What resources do Digital Schoolhouse have to support the teaching of this strand?

Workshops

  1. App in a Day This workshop teaches pupils how to develop a top-down design for an app of their own devising. Although normally taught at A-Level, this simple activity is a brilliant way of introducing decomposition to students by getting them to think about all the parts that should make up their app.
  2. Just Dance with the Algorithm. This workshop uses dance to teach students about algorithms. Pupils learn about decomposition by breaking down their own dance routine into the individual dance moves that, when performed in sequence, make up larger dance sequences.
  3. Part-baked Games: Chef’s Edition. This workshop teaches pupils how to develop a paper prototype for a game. Decomposition is covered by learners breaking down all of the elements needed to create a level of their game, including images, sound and how elements might be programmed.

Playful Computing Activities

The Computational Thinking Duck is a great activity to demonstrate decomposition - what is the smallest number of bricks do you need to build a passable duck?

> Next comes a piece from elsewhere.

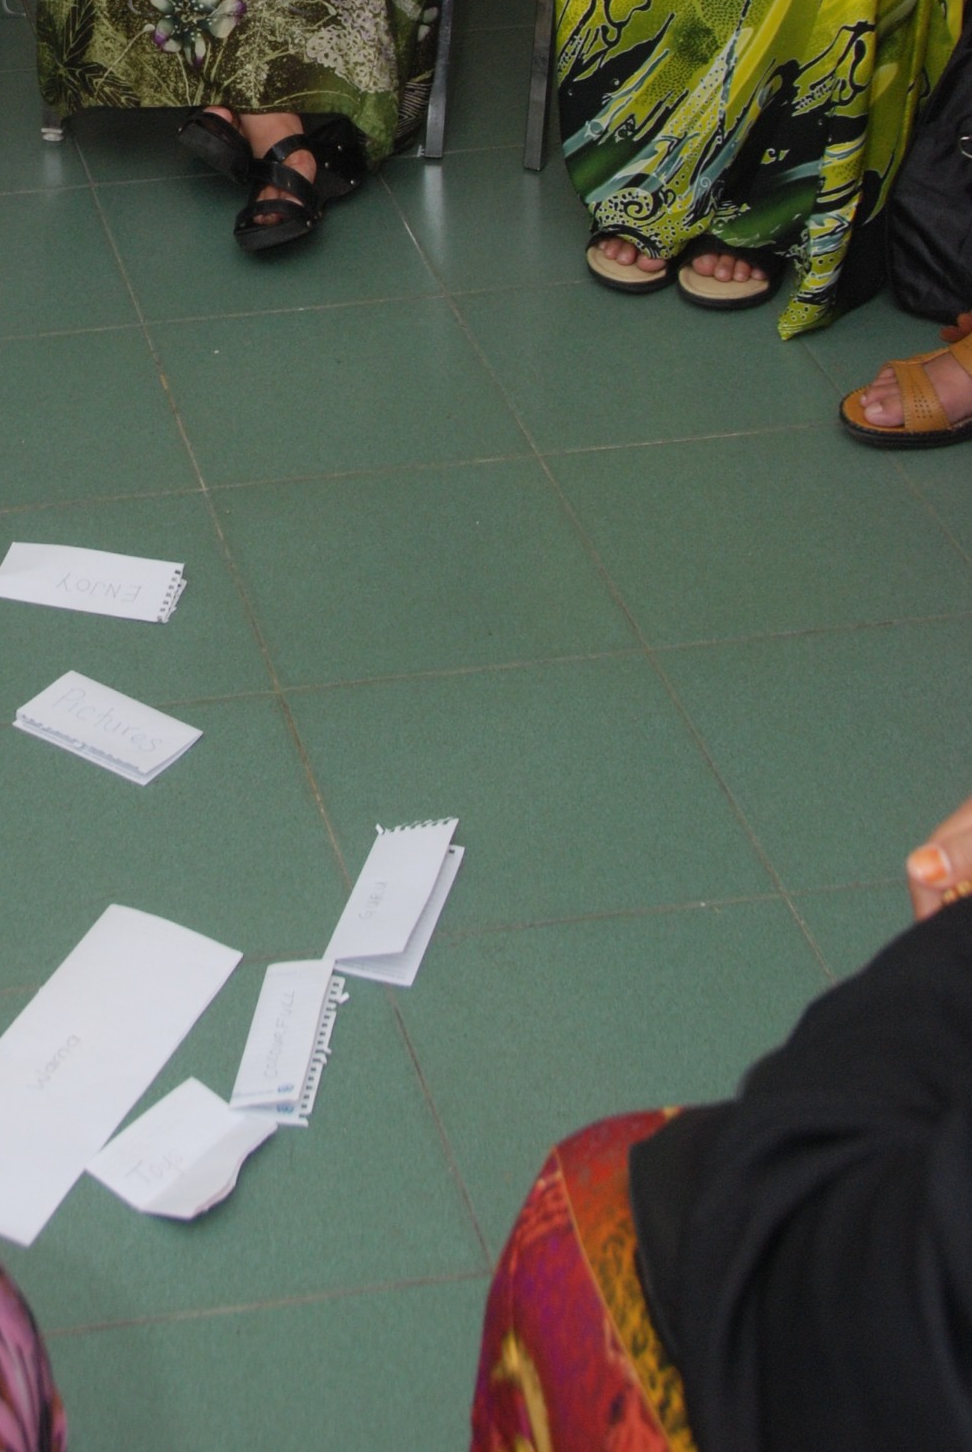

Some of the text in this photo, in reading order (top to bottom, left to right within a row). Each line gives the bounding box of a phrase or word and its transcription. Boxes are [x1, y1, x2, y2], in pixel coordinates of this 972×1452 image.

What bricks have been used to create the duck - make a list. 

And there you have it, three workshop suggestions and a playful computing activity to help you deliver the controlling or simulating physical systems strand from the Key Stage 2 National Curriculum for Computing. If you have any comments or queries about these resources, I'd love to hear from you - drop me an email at estelle@ukie.org.uk. If you're not sure where these activities could fit into your curriculum or would like to see the resources in action first? You can book a free workshop with your local Schoolhouse.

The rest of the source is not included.